Presune tangenti su conti svizzeri. Archiviata inchiesta sulla Cosentino

Al centro dell’indagine, condotta dai magistrati elvetici su rogatoria, un bonifico di 50mila euro a favore di “Lady Asl” in una Banca di Lugano

Il procuratore federale della Confederazione Elvetica, Pierluigi Pasi, ha archiviato, per infondatezza della notizia di reato, il procedimento penale nei confronti di Lea Cosentino, ex Direttore generale della Asl di Bari, accusata di autoriciclaggio (un reato che non esiste nella nostra legislazione).
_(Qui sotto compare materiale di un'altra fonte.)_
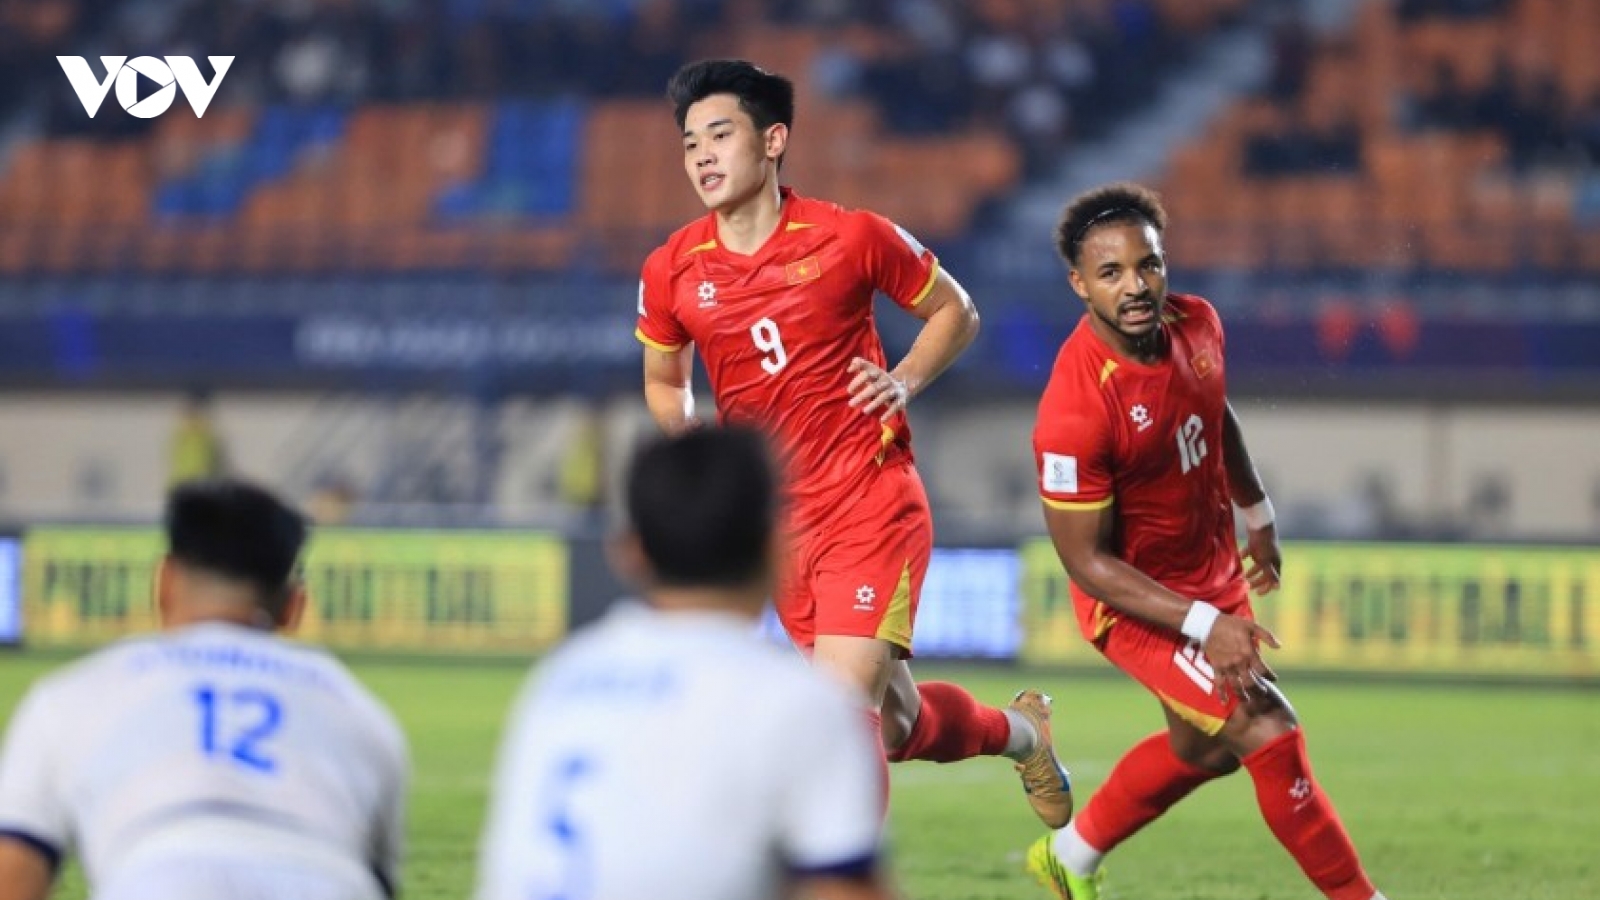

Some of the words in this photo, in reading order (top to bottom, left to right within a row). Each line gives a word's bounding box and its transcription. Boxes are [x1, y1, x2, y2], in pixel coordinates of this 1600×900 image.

Al centro dell’inchiesta, condotta dai magistrati elvetici su rogatoria, un bonifico bancario di cinquantamila euro eseguito in favore della Cosentino su un conto corrente riconducibile a “Lady Asl”, aperto in una banca di Lugano. Bonifico collegato, secondo gli inquirenti, ad un’ipotesi di corruzione commessa dalla stessa Cosentino. La transazione è stata eseguita, nell’autunno 2008, dal conto di una banca di Montecarlo a quello svizzero. Si tratta di un bonifico fatto estero su estero dall’imprenditore Rino Metrangolo, riconducile al gruppo Finmeccanica. Il nome di Metrangolo compare nelle indagini della procura di Bari sulla gestione della sanità pugliese e sulle presunte tangenti pagate dall’imprenditore Gianpaolo Tarantini a dirigenti, funzionari e primari delle aziende sanitarie. Di Metrangolo si parla a proposito della riunione del 21 gennaio 2009 nella sala privè dell’hotel De Russie di Roma. All’incontro parteciparono Metrangolo, Cosentino, Tarantini, e gli imprenditori pugliesi Cosimo Catalano della “Supernova” ed Enrico Intini. La conversazione tra i cinque fu intercettata dalla Guardia di finanza. Si parlava – secondo l’accusa – di alcuni appalti pubblici indetti o da indire dalla Asl Bari per la fornitura di servizi vari. La Cosentino ha sempre sostenuto che il bonifico non è frutto di una tangente ma il pagamento di un anticipo per la vendita di un appartamento di Lecce che, nell’autunno del 2008, ha ceduto ad una donna. Una tesi condivisa anche dai giudici elvetici, che hanno stabilito l’assoluta regolarità delle operazioni riferibili al conto svizzero. “Questa decisione – commenta il legale della Cosentino, l’avvocato Francesca Conte – è particolarmente decisiva ed importante, in quanto si ritenne da parte dell’autorità giudiziaria di Bari che il denaro depositato su un conto svizzero “datato” dall’avvocato Cosentino fosse riconducibile a rapporti di natura corruttiva, anche, e soprattutto, nell’ambito della più nota vicenda “Tarantini”. Questa difesa sin dal primo momento ha sostenuto con forza e convinzione l’assoluta estraneità della propria assistita a qualsiasi vicenda illecita”.